By the time we combined our finances, we were both pretty established in the way we approached bills and budgeting. (Total discretion: He budgeted. I spent.) So it took some time to create a financial plan as husband and wife. Even now, we work at this every day. Ironically, I’ve since become kind of a spendthrift. I guess marriage can really change a person!
I’m a journalist by trade so when I do something new, I obsess over it. I want to know everything there is to know about whatever “it” is. I research like a maniac. I read ‘round the clock.
Planning our finances as a couple was no exception.

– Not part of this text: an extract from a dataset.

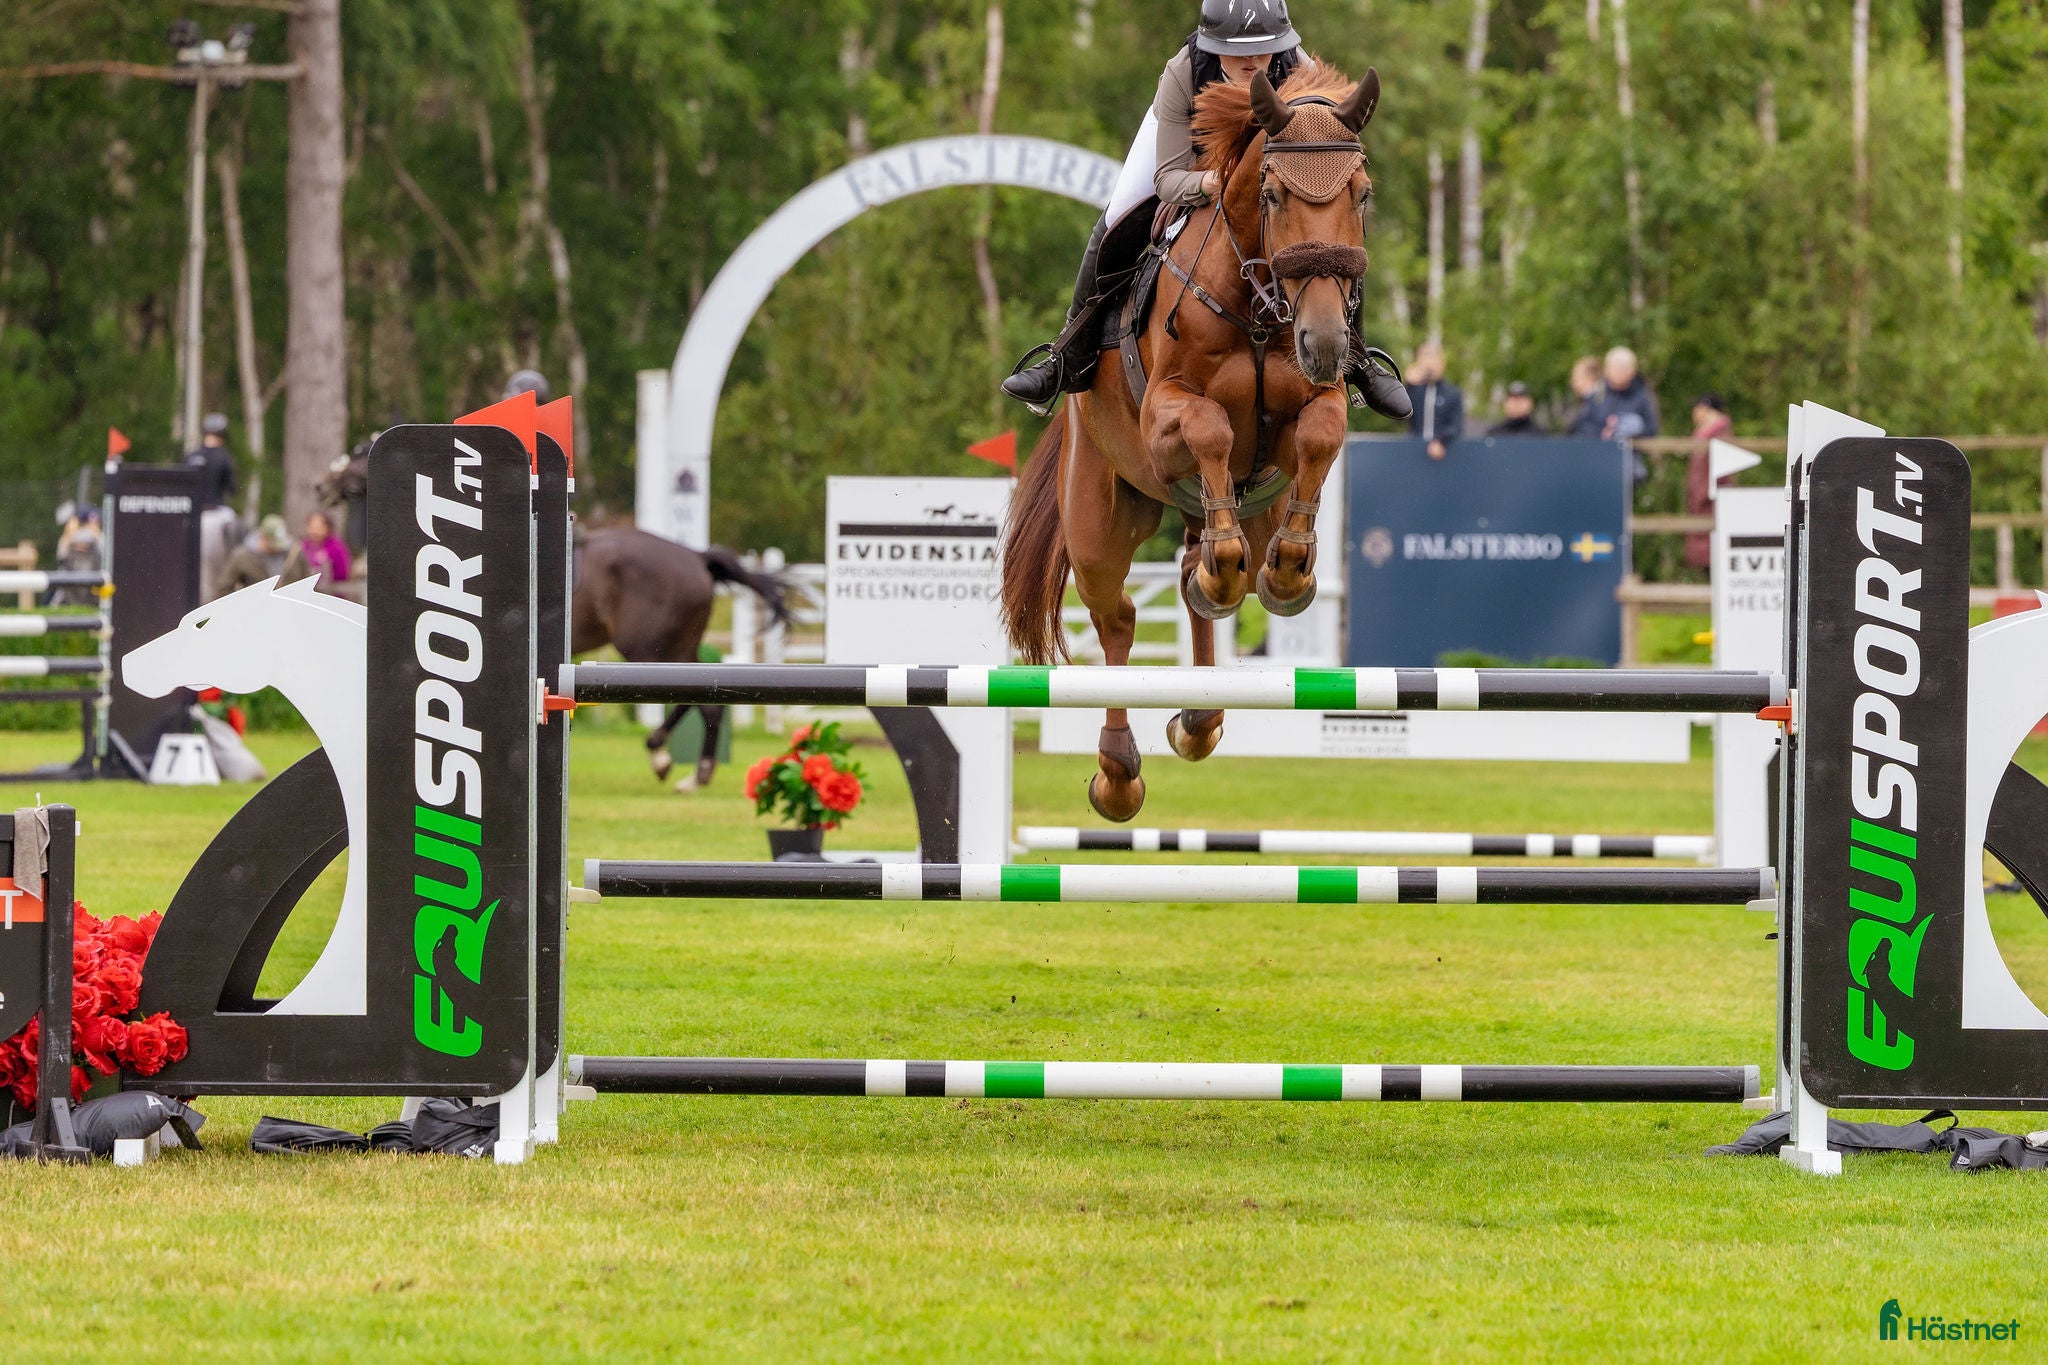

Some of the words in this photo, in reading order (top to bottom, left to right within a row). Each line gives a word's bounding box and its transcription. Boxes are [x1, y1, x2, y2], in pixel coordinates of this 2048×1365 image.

Here’s what I found. I hope you find this guide useful!
Common Mistakes to Avoid
Combining finances as newlyweds doesn’t have to be a nightmare. Here are some common money mistakes to avoid in your first year as husband and wife:
Being Dishonest: Unloading all of your financial baggage is scary, but one of the best things you can do before walking down the aisle is to have an open dialogue about money. Talk about debt. Take a close look at your personal spending habits. And set up a magic number – an agreed-upon limit that you can spend without consulting your spouse on day-to-day items.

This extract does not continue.